Melissa turned again, tape and ballpoint in one hand, notebook in the other.

"Hey, is someone there?" she called, louder this time. No response. "I have the landowner's permission to survey these trees. Hello?"

Silence. The woods were quiet and cool in the deep shade. She listened for a while, trying to figure out what had tipped her off that she was not alone in the woods. With one hand, she tucked some stray hairs behind her ear and cocked her head.

Nothing.

This far into the older growth, there wasn't even the hum of bugs. No deerfly, no blackfly, and few mosquitoes, nothing her industrial strength repellant couldn't handle. She adjusted her stance on the slope and called out again.

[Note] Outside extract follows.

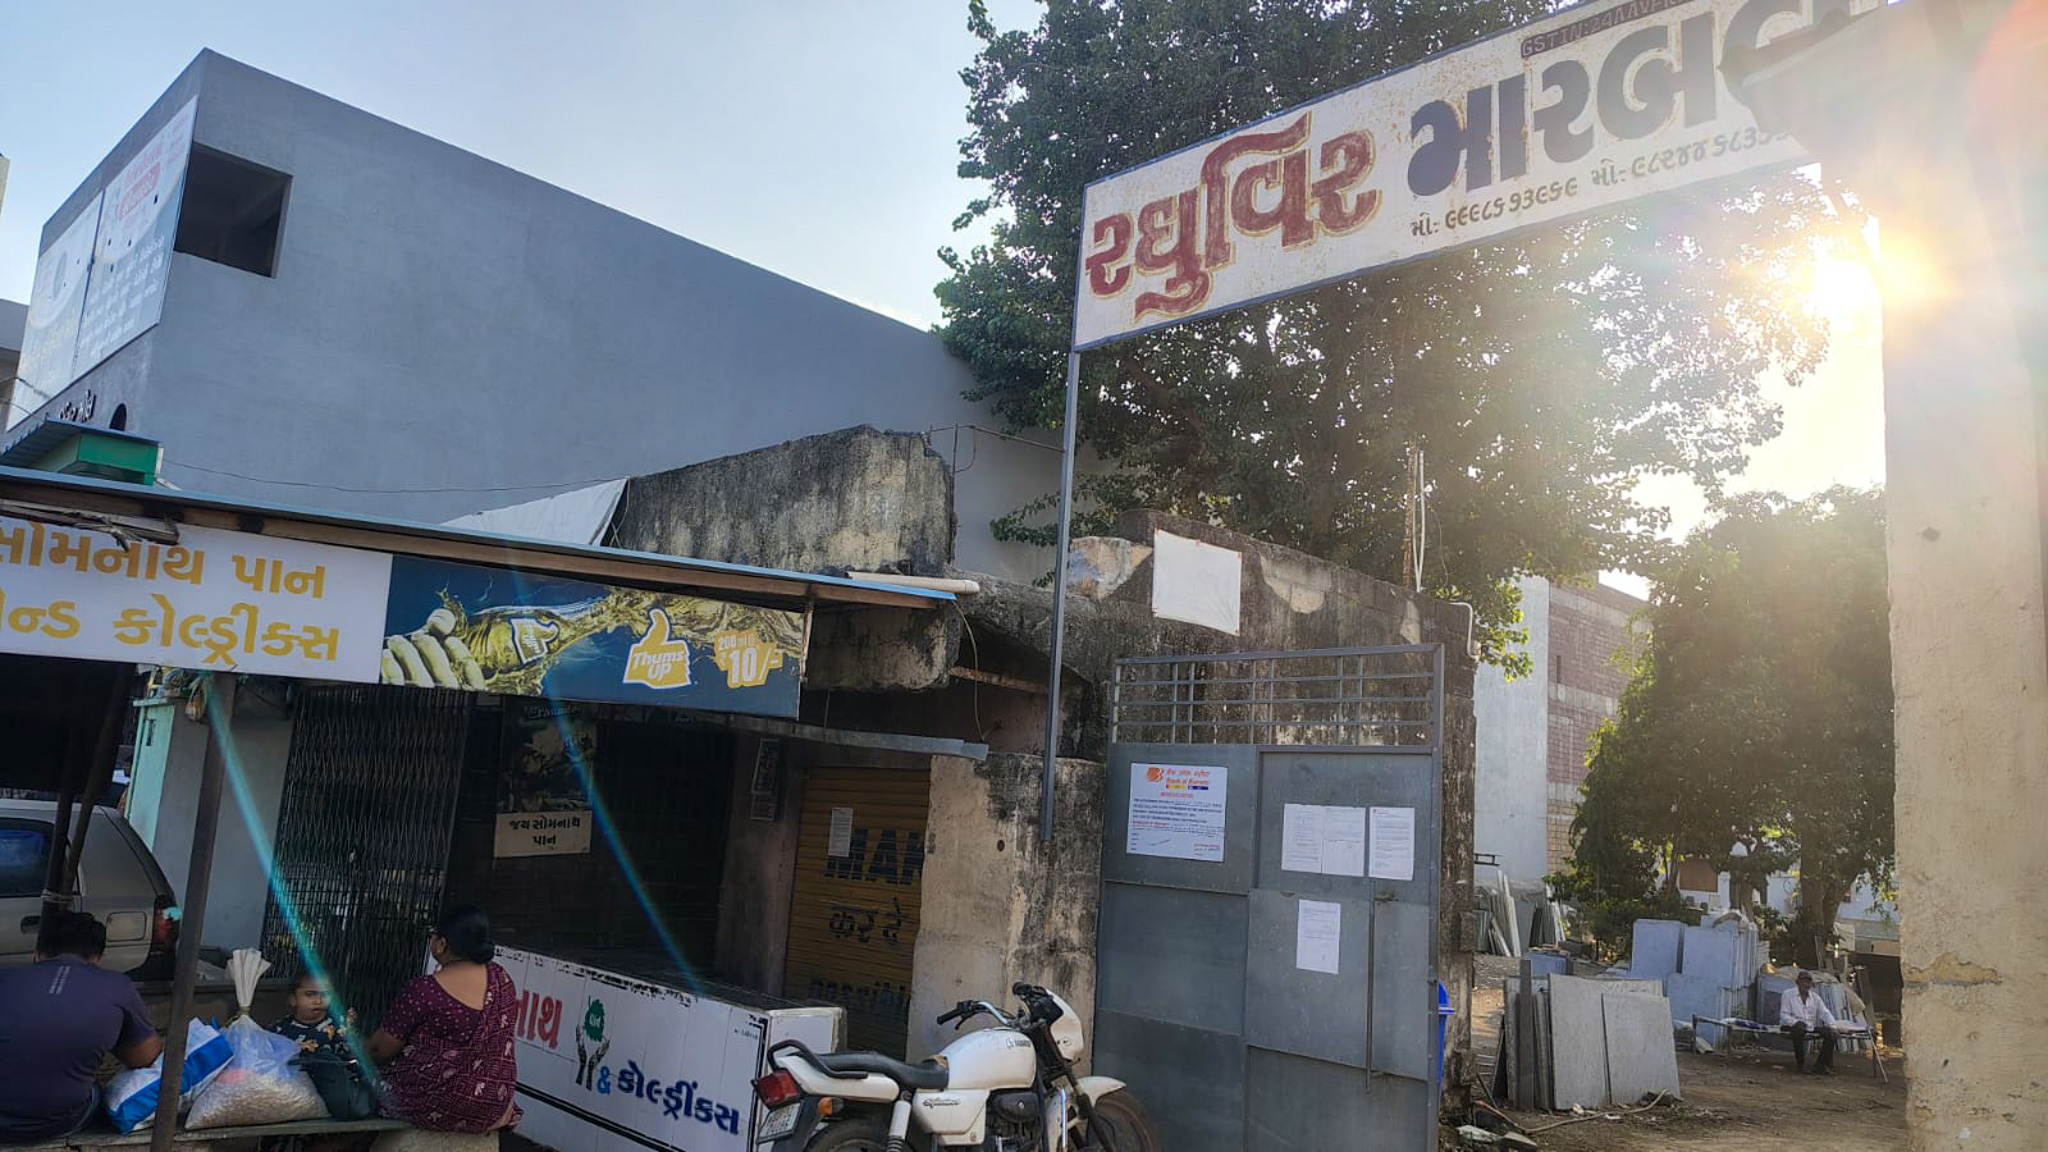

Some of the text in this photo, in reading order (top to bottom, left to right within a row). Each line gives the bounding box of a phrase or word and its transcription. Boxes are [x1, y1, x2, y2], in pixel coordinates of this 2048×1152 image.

"I'm Melissa Hartwick, from the Forestry Department at Lake Superior State." She did not say Dr. Hartwick or Professor Hartwick; the people up here were touchy about snotty downstaters. "I'm doing a survey for the green winged bark borer. Hello? I'm happy to tell you all about it. Hello?"

Her voice resounded in the woods, not an echo, exactly, but more like the forest swallowed her words and spit them back to her.

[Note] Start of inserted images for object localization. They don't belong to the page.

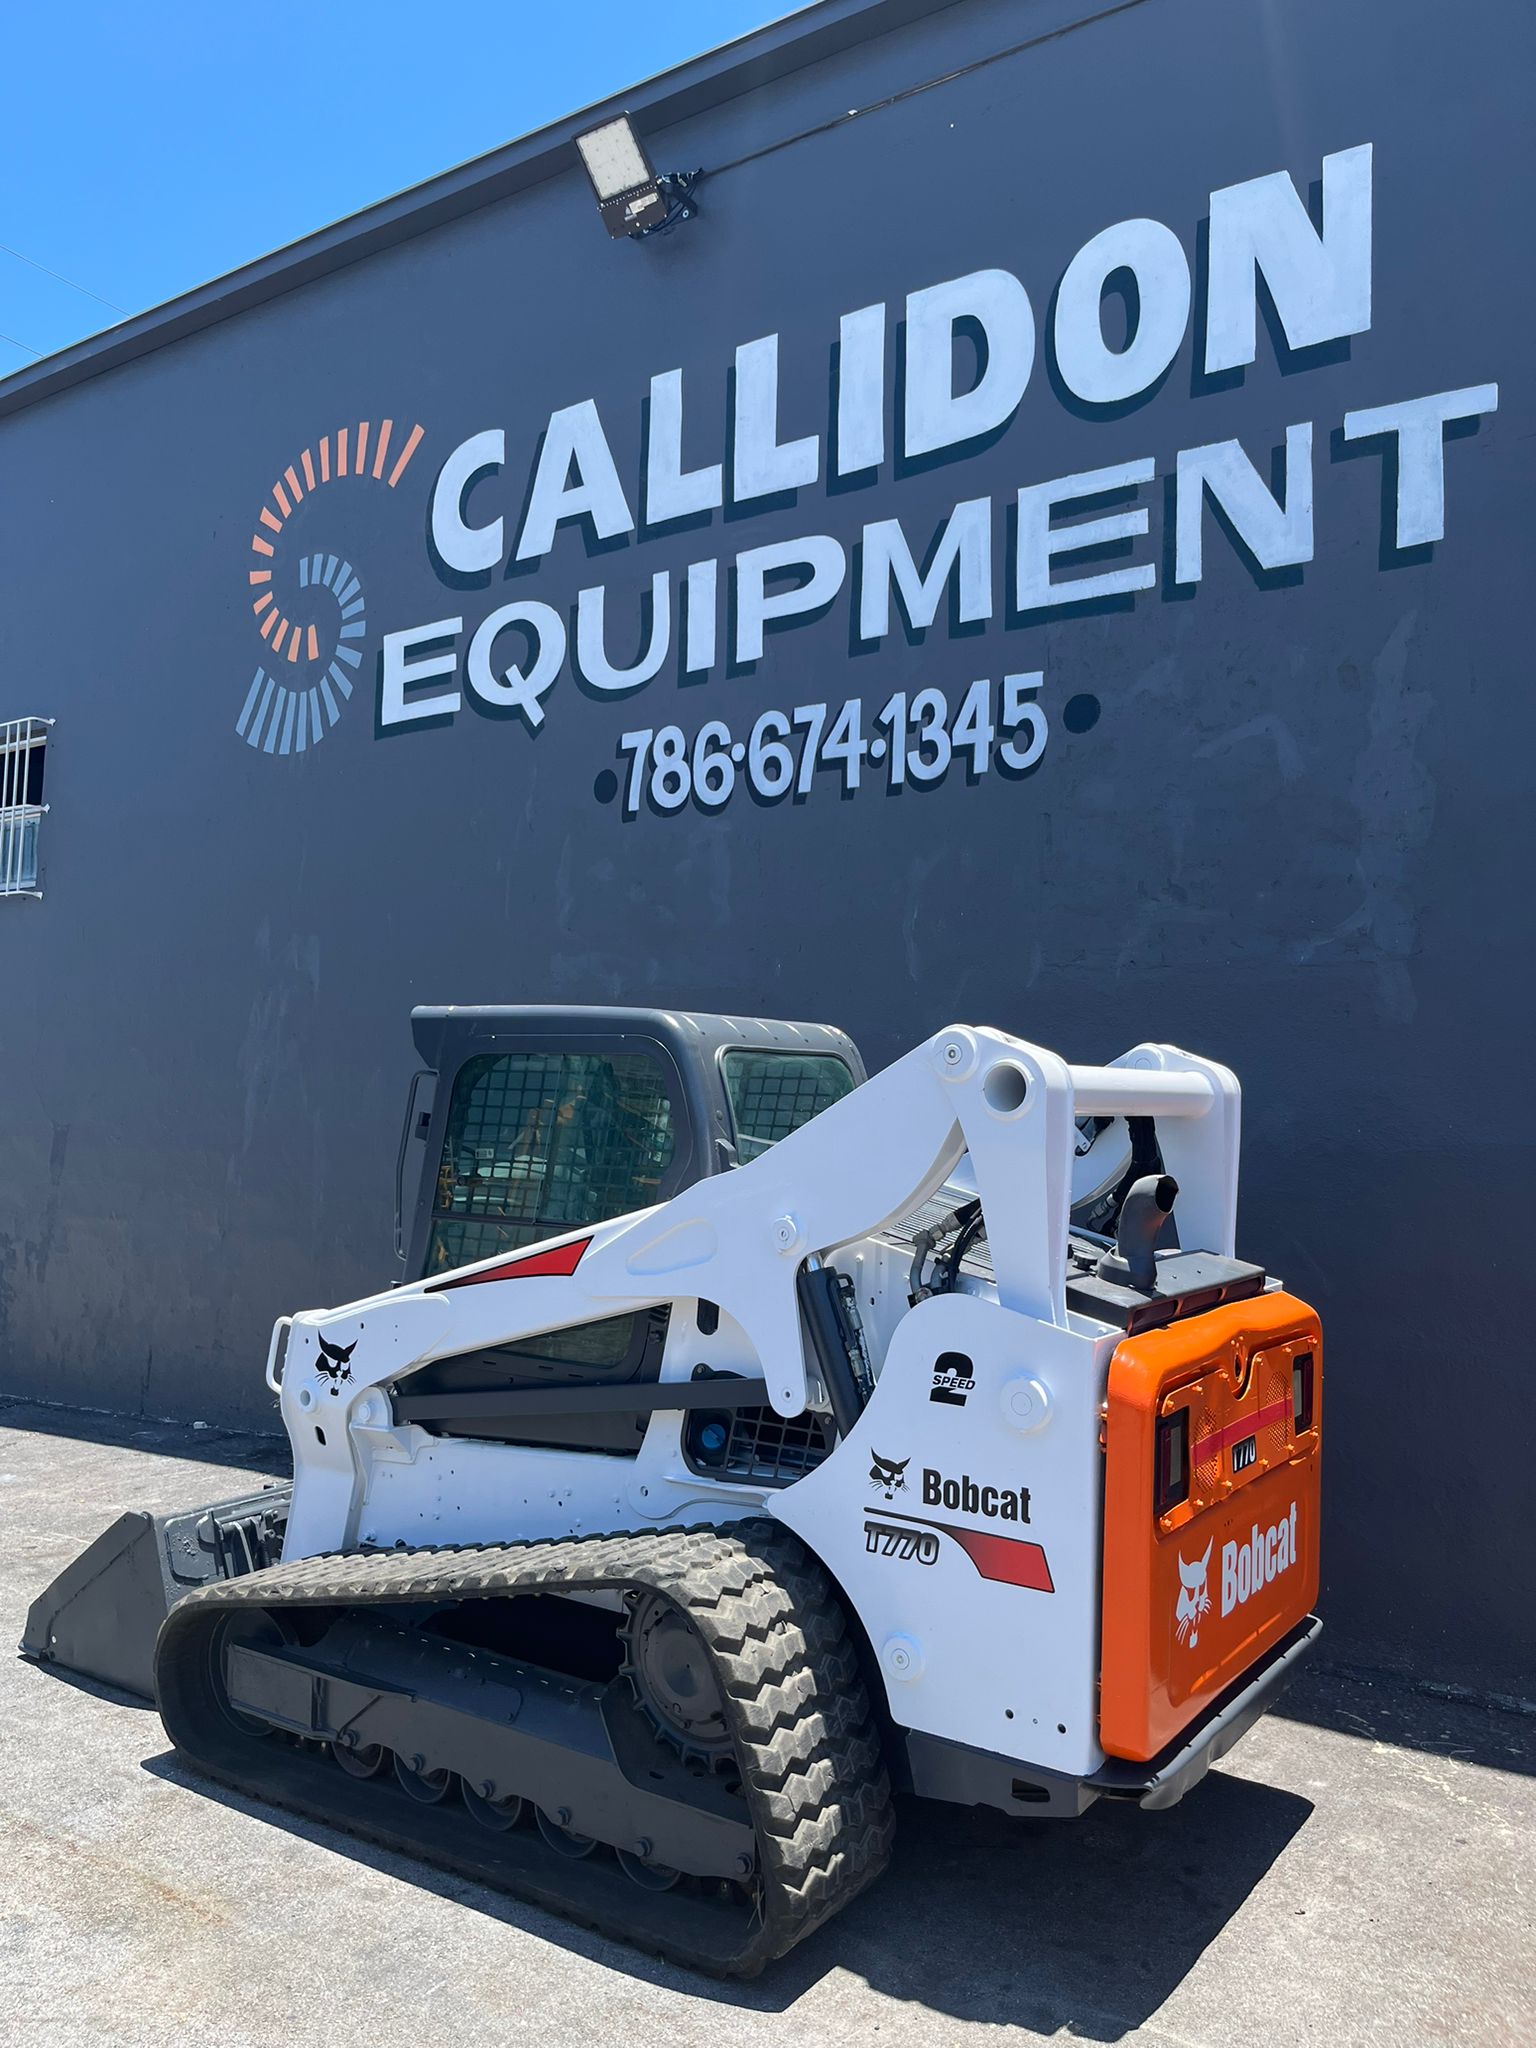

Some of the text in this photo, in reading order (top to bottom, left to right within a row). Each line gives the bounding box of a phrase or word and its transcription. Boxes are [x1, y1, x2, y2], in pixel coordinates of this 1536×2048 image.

[431, 142, 1373, 573] CALLIDON
[381, 382, 1499, 727] EQUIPMENT
[929, 1351, 974, 1407] 2
[932, 1374, 976, 1391] SPEED
[1233, 1439, 1256, 1471] T770
[922, 1468, 1031, 1524] Bobcat
[864, 1521, 940, 1566] T770
[1221, 1501, 1297, 1618] Bobcat

With a sigh, she turned back to measuring the tree. She'd long since gotten over feeling foolish about calling out to unseen people in the woods. If there was no one there, then there was no one to hear her and it didn't matter. When there was someone, most of the time whoever it was came up to talk after they'd been found out. People weren't nearly as good at moving unnoticed through the woods as they thought they were. Sometimes they just moved away, continuing their hiking or poaching or moonshining, whatever brought them to the deep cover in the first place. It didn't matter to Melissa; she was only there for the trees.

Only once had she encountered someone who looked like he might like to take physical advantage of a woman alone in the forest. She drew his attention to the Smith & Wesson under her field vest and he'd cut the conversation short on his own. The gun was primarily insurance against wolves, black bear, and other critters, but when you're 5'3" and pretty, a handgun's not a bad thing to have just on general principles.

A hundred yards behind her and up the slope, some rocks shifted, thunking down against the rotted bole of a fallen trunk.

"All right, that does it," she said aloud, "whoever you are, you messed with the wrong gal." She made a show of stuffing her tape measure and other gear into her backpack and stomping forward toward where the sound had come from. Bluster and bluff worked with most wild animals, and with most people, too. Expecting her visitor to bolt at her approach, she grew apprehensive as she neared the spot. She snorted loudly and stamped in visible irritation as she circled around wide. At the spot, she saw the rocks, twenty years worth of lichen torn away where they'd banged against each other. But apart from the rocks, the dirt and what was left of the rotting tree... nothing.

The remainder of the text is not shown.